• _RECORDED DATA_
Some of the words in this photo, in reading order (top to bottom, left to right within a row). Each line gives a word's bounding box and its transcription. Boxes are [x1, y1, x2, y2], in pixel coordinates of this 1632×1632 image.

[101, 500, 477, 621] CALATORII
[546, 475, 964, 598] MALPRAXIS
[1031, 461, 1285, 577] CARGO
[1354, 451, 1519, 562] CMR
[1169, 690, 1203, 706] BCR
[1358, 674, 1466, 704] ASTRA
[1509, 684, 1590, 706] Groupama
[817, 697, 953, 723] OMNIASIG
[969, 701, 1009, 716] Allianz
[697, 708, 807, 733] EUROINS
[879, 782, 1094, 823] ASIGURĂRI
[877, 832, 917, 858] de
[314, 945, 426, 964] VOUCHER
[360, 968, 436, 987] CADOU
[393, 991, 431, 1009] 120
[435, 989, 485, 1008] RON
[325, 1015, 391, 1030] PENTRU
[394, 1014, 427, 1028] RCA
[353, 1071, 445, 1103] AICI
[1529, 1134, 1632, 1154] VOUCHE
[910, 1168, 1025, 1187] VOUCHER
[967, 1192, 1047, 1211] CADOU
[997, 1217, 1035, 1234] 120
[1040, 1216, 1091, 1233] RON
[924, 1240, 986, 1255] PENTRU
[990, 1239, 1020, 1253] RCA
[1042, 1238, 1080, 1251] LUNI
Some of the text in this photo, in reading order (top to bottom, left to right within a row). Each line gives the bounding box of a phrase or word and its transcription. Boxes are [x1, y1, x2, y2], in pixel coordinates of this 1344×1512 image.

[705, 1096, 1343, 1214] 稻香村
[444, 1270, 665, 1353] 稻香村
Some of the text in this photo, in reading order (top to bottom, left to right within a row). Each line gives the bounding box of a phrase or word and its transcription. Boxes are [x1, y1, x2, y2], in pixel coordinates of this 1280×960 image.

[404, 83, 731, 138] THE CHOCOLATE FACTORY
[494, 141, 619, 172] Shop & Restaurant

• _DIRECTIONS_
Your reply should consist of the records, copied exactly.

• _ANSWER BOX_
Some of the words in this photo, in reading order (top to bottom, left to right within a row). Each line gives a word's bounding box and its transcription. Boxes are [x1, y1, x2, y2], in pixel coordinates of this 1632×1632 image.

[101, 500, 477, 621] CALATORII
[546, 475, 964, 598] MALPRAXIS
[1031, 461, 1285, 577] CARGO
[1354, 451, 1519, 562] CMR
[1169, 690, 1203, 706] BCR
[1358, 674, 1466, 704] ASTRA
[1509, 684, 1590, 706] Groupama
[817, 697, 953, 723] OMNIASIG
[969, 701, 1009, 716] Allianz
[697, 708, 807, 733] EUROINS
[879, 782, 1094, 823] ASIGURĂRI
[877, 832, 917, 858] de
[314, 945, 426, 964] VOUCHER
[360, 968, 436, 987] CADOU
[393, 991, 431, 1009] 120
[435, 989, 485, 1008] RON
[325, 1015, 391, 1030] PENTRU
[394, 1014, 427, 1028] RCA
[353, 1071, 445, 1103] AICI
[1529, 1134, 1632, 1154] VOUCHE
[910, 1168, 1025, 1187] VOUCHER
[967, 1192, 1047, 1211] CADOU
[997, 1217, 1035, 1234] 120
[1040, 1216, 1091, 1233] RON
[924, 1240, 986, 1255] PENTRU
[990, 1239, 1020, 1253] RCA
[1042, 1238, 1080, 1251] LUNI
Some of the text in this photo, in reading order (top to bottom, left to right within a row). Each line gives the bounding box of a phrase or word and its transcription. Boxes are [x1, y1, x2, y2], in pixel coordinates of this 1344×1512 image.

[705, 1096, 1343, 1214] 稻香村
[444, 1270, 665, 1353] 稻香村
Some of the text in this photo, in reading order (top to bottom, left to right within a row). Each line gives the bounding box of a phrase or word and its transcription. Boxes are [x1, y1, x2, y2], in pixel coordinates of this 1280×960 image.

[404, 83, 731, 138] THE CHOCOLATE FACTORY
[494, 141, 619, 172] Shop & Restaurant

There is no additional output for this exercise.